Data for analysis Block Start

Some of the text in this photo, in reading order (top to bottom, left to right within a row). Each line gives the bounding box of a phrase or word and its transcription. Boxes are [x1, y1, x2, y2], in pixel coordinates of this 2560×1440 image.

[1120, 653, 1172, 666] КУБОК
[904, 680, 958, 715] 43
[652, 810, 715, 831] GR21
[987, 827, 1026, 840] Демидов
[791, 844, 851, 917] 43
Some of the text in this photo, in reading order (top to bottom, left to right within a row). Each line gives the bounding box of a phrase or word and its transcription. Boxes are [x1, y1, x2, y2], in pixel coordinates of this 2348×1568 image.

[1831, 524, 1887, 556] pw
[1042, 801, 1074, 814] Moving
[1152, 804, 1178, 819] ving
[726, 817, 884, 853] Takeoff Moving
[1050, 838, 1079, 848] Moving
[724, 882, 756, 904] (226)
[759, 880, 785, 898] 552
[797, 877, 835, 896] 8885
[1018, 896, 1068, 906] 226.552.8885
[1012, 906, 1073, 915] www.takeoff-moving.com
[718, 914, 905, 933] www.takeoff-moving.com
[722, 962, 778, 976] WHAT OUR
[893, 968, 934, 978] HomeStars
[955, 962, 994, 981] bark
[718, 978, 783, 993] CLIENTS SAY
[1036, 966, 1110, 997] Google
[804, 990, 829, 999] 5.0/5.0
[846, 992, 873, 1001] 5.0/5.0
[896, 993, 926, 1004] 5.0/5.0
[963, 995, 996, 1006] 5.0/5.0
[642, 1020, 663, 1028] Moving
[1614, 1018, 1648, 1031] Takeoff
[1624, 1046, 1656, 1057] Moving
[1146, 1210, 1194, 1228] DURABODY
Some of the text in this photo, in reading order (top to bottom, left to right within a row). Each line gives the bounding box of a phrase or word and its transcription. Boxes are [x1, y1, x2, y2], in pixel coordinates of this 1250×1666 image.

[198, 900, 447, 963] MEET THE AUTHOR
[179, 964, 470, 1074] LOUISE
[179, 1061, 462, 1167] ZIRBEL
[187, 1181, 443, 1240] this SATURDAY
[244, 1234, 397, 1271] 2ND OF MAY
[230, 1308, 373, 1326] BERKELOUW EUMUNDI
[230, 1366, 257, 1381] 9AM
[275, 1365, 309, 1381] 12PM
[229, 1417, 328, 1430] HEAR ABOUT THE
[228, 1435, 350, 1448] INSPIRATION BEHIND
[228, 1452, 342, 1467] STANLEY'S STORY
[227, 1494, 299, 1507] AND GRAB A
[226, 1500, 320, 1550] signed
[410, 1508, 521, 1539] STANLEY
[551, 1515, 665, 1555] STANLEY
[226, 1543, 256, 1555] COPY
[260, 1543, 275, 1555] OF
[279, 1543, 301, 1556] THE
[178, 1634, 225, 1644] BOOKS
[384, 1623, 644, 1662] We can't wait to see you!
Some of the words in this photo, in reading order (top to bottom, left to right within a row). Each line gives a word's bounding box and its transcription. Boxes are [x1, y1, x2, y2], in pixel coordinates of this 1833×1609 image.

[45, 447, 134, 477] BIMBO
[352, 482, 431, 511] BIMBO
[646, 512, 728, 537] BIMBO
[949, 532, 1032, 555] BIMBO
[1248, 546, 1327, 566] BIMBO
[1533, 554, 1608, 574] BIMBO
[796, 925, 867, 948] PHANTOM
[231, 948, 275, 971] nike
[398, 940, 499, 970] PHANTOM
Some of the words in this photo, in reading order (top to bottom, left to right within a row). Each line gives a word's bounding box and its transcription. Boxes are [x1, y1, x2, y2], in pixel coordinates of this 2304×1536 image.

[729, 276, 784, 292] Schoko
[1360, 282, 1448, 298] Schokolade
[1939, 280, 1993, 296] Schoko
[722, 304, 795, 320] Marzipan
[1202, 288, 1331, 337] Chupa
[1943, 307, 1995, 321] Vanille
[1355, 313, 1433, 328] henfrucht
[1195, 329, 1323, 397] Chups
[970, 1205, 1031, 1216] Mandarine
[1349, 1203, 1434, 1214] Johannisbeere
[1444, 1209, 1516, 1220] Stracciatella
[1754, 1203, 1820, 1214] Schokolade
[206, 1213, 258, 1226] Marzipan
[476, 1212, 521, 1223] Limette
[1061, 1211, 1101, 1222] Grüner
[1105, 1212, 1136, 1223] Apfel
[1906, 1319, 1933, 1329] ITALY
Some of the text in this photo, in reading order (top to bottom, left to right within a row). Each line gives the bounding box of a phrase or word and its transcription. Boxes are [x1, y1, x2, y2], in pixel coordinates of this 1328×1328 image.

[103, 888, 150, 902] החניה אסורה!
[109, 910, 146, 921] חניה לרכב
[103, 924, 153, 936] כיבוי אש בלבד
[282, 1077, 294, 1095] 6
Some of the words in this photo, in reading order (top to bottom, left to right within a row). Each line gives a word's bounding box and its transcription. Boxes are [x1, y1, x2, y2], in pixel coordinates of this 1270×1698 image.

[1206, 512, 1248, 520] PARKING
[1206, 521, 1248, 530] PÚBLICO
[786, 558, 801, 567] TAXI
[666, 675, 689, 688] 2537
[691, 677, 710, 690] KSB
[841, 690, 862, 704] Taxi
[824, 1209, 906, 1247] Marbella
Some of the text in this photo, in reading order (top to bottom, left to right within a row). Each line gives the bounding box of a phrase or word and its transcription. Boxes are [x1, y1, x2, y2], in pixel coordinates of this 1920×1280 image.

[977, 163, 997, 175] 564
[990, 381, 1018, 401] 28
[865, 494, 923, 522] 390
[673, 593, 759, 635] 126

Data for analysis Block End

What the task asks ::
Copy all of the data. Keep every word exactly as it is.

Answer to the exercise ::
Some of the text in this photo, in reading order (top to bottom, left to right within a row). Each line gives the bounding box of a phrase or word and its transcription. Boxes are [x1, y1, x2, y2], in pixel coordinates of this 2560×1440 image.

[1120, 653, 1172, 666] КУБОК
[904, 680, 958, 715] 43
[652, 810, 715, 831] GR21
[987, 827, 1026, 840] Демидов
[791, 844, 851, 917] 43
Some of the text in this photo, in reading order (top to bottom, left to right within a row). Each line gives the bounding box of a phrase or word and its transcription. Boxes are [x1, y1, x2, y2], in pixel coordinates of this 2348×1568 image.

[1831, 524, 1887, 556] pw
[1042, 801, 1074, 814] Moving
[1152, 804, 1178, 819] ving
[726, 817, 884, 853] Takeoff Moving
[1050, 838, 1079, 848] Moving
[724, 882, 756, 904] (226)
[759, 880, 785, 898] 552
[797, 877, 835, 896] 8885
[1018, 896, 1068, 906] 226.552.8885
[1012, 906, 1073, 915] www.takeoff-moving.com
[718, 914, 905, 933] www.takeoff-moving.com
[722, 962, 778, 976] WHAT OUR
[893, 968, 934, 978] HomeStars
[955, 962, 994, 981] bark
[718, 978, 783, 993] CLIENTS SAY
[1036, 966, 1110, 997] Google
[804, 990, 829, 999] 5.0/5.0
[846, 992, 873, 1001] 5.0/5.0
[896, 993, 926, 1004] 5.0/5.0
[963, 995, 996, 1006] 5.0/5.0
[642, 1020, 663, 1028] Moving
[1614, 1018, 1648, 1031] Takeoff
[1624, 1046, 1656, 1057] Moving
[1146, 1210, 1194, 1228] DURABODY
Some of the text in this photo, in reading order (top to bottom, left to right within a row). Each line gives the bounding box of a phrase or word and its transcription. Boxes are [x1, y1, x2, y2], in pixel coordinates of this 1250×1666 image.

[198, 900, 447, 963] MEET THE AUTHOR
[179, 964, 470, 1074] LOUISE
[179, 1061, 462, 1167] ZIRBEL
[187, 1181, 443, 1240] this SATURDAY
[244, 1234, 397, 1271] 2ND OF MAY
[230, 1308, 373, 1326] BERKELOUW EUMUNDI
[230, 1366, 257, 1381] 9AM
[275, 1365, 309, 1381] 12PM
[229, 1417, 328, 1430] HEAR ABOUT THE
[228, 1435, 350, 1448] INSPIRATION BEHIND
[228, 1452, 342, 1467] STANLEY'S STORY
[227, 1494, 299, 1507] AND GRAB A
[226, 1500, 320, 1550] signed
[410, 1508, 521, 1539] STANLEY
[551, 1515, 665, 1555] STANLEY
[226, 1543, 256, 1555] COPY
[260, 1543, 275, 1555] OF
[279, 1543, 301, 1556] THE
[178, 1634, 225, 1644] BOOKS
[384, 1623, 644, 1662] We can't wait to see you!
Some of the words in this photo, in reading order (top to bottom, left to right within a row). Each line gives a word's bounding box and its transcription. Boxes are [x1, y1, x2, y2], in pixel coordinates of this 1833×1609 image.

[45, 447, 134, 477] BIMBO
[352, 482, 431, 511] BIMBO
[646, 512, 728, 537] BIMBO
[949, 532, 1032, 555] BIMBO
[1248, 546, 1327, 566] BIMBO
[1533, 554, 1608, 574] BIMBO
[796, 925, 867, 948] PHANTOM
[231, 948, 275, 971] nike
[398, 940, 499, 970] PHANTOM
Some of the words in this photo, in reading order (top to bottom, left to right within a row). Each line gives a word's bounding box and its transcription. Boxes are [x1, y1, x2, y2], in pixel coordinates of this 2304×1536 image.

[729, 276, 784, 292] Schoko
[1360, 282, 1448, 298] Schokolade
[1939, 280, 1993, 296] Schoko
[722, 304, 795, 320] Marzipan
[1202, 288, 1331, 337] Chupa
[1943, 307, 1995, 321] Vanille
[1355, 313, 1433, 328] henfrucht
[1195, 329, 1323, 397] Chups
[970, 1205, 1031, 1216] Mandarine
[1349, 1203, 1434, 1214] Johannisbeere
[1444, 1209, 1516, 1220] Stracciatella
[1754, 1203, 1820, 1214] Schokolade
[206, 1213, 258, 1226] Marzipan
[476, 1212, 521, 1223] Limette
[1061, 1211, 1101, 1222] Grüner
[1105, 1212, 1136, 1223] Apfel
[1906, 1319, 1933, 1329] ITALY
Some of the text in this photo, in reading order (top to bottom, left to right within a row). Each line gives the bounding box of a phrase or word and its transcription. Boxes are [x1, y1, x2, y2], in pixel coordinates of this 1328×1328 image.

[103, 888, 150, 902] החניה אסורה!
[109, 910, 146, 921] חניה לרכב
[103, 924, 153, 936] כיבוי אש בלבד
[282, 1077, 294, 1095] 6
Some of the words in this photo, in reading order (top to bottom, left to right within a row). Each line gives a word's bounding box and its transcription. Boxes are [x1, y1, x2, y2], in pixel coordinates of this 1270×1698 image.

[1206, 512, 1248, 520] PARKING
[1206, 521, 1248, 530] PÚBLICO
[786, 558, 801, 567] TAXI
[666, 675, 689, 688] 2537
[691, 677, 710, 690] KSB
[841, 690, 862, 704] Taxi
[824, 1209, 906, 1247] Marbella
Some of the text in this photo, in reading order (top to bottom, left to right within a row). Each line gives the bounding box of a phrase or word and its transcription. Boxes are [x1, y1, x2, y2], in pixel coordinates of this 1920×1280 image.

[977, 163, 997, 175] 564
[990, 381, 1018, 401] 28
[865, 494, 923, 522] 390
[673, 593, 759, 635] 126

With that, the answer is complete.